_ASSIGNMENT_: Transcription, pictures excluded: write out the data below exactly.
=== INFORMATION SUPPLIED ===
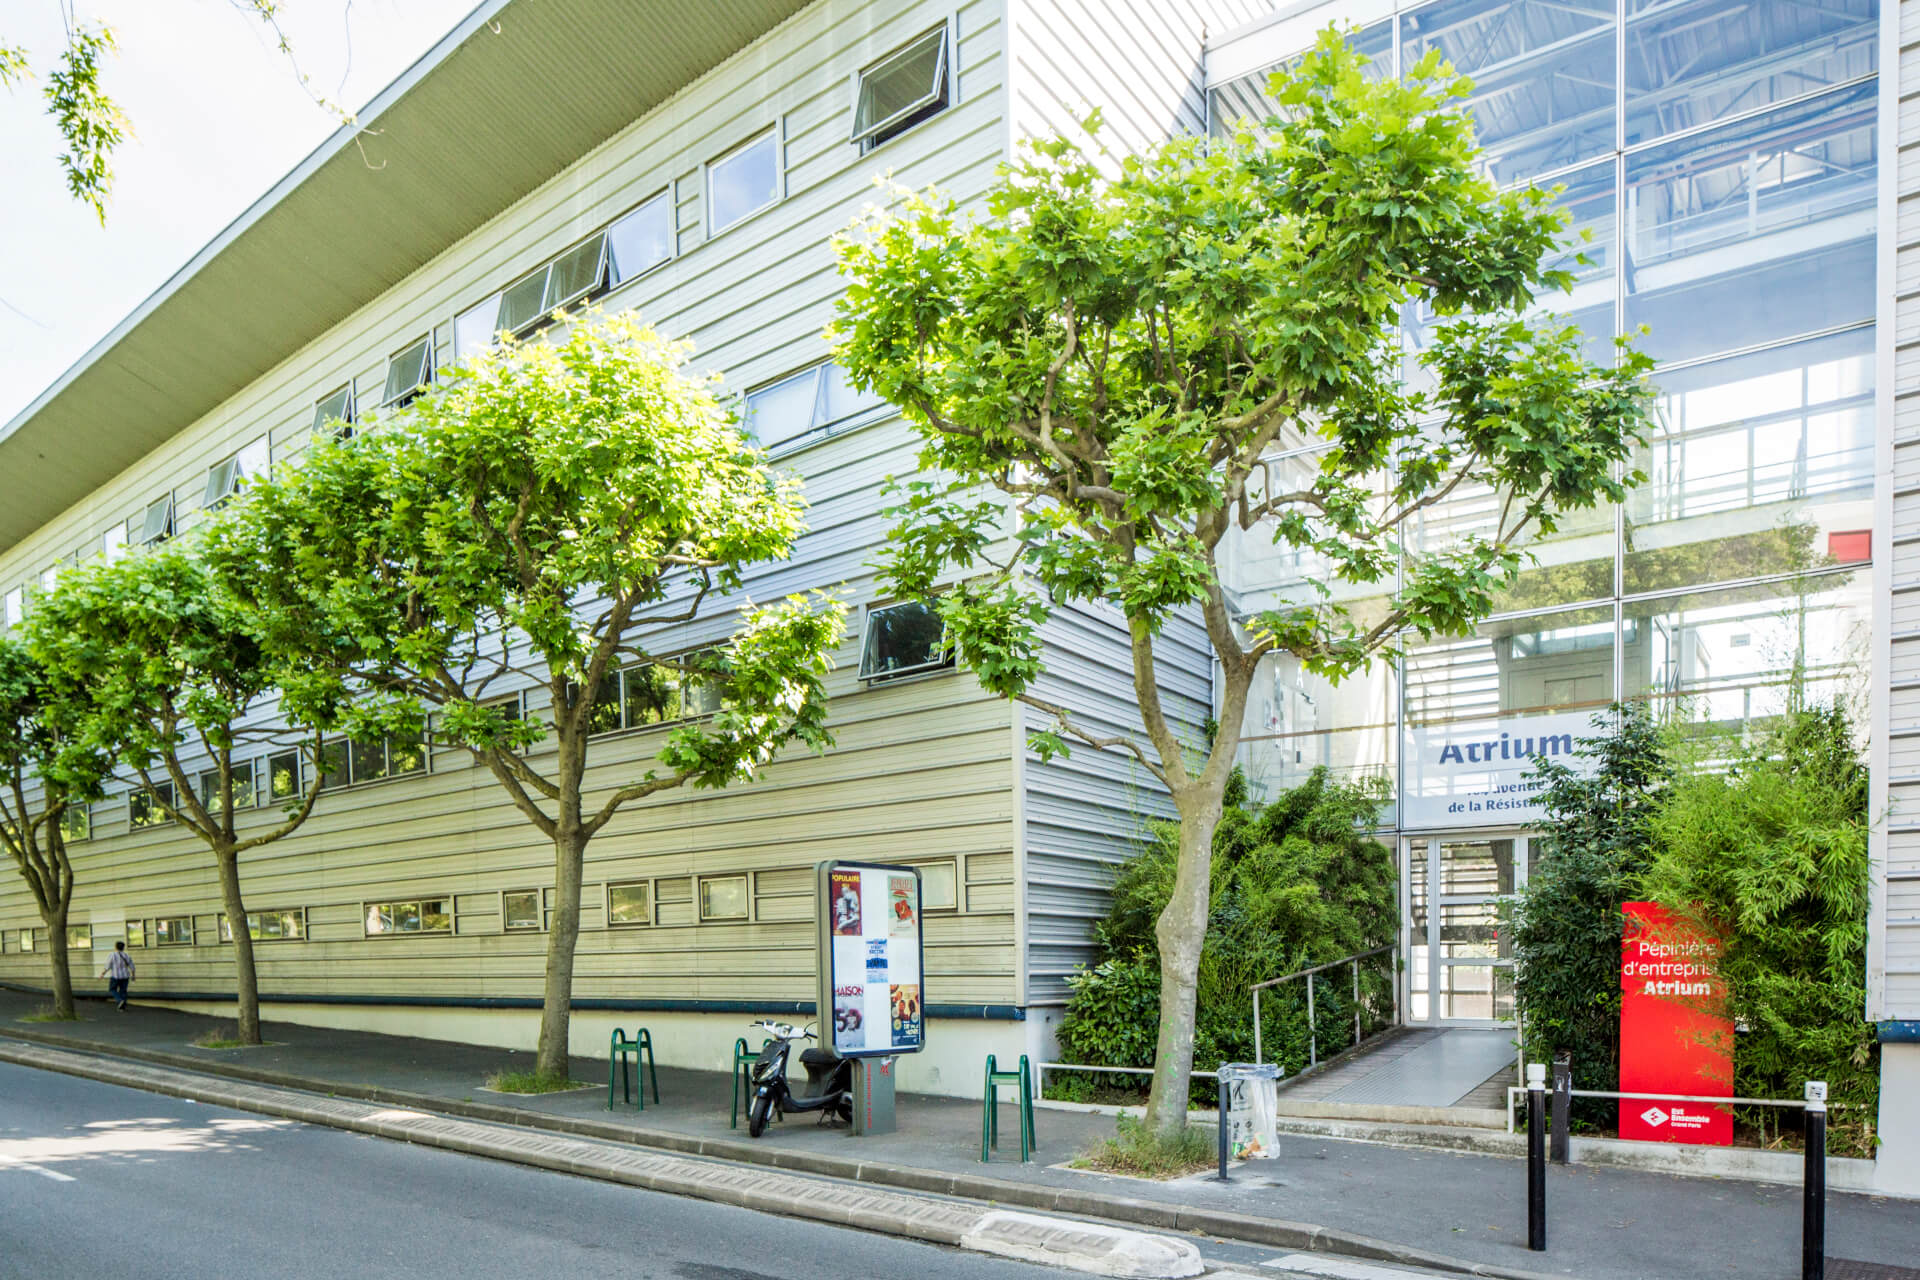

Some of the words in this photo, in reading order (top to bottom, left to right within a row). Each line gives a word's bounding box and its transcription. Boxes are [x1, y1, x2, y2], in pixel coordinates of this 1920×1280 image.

[1439, 732, 1573, 765] Atrium
[1448, 802, 1465, 813] de
[1469, 800, 1482, 812] la
[1643, 981, 1711, 996] Atrium
[1671, 1115, 1710, 1123] Ensemble
===
_RESULT OF THE EXERCISE_:
Some of the words in this photo, in reading order (top to bottom, left to right within a row). Each line gives a word's bounding box and its transcription. Boxes are [x1, y1, x2, y2], in pixel coordinates of this 1920×1280 image.

[1439, 732, 1573, 765] Atrium
[1448, 802, 1465, 813] de
[1469, 800, 1482, 812] la
[1643, 981, 1711, 996] Atrium
[1671, 1115, 1710, 1123] Ensemble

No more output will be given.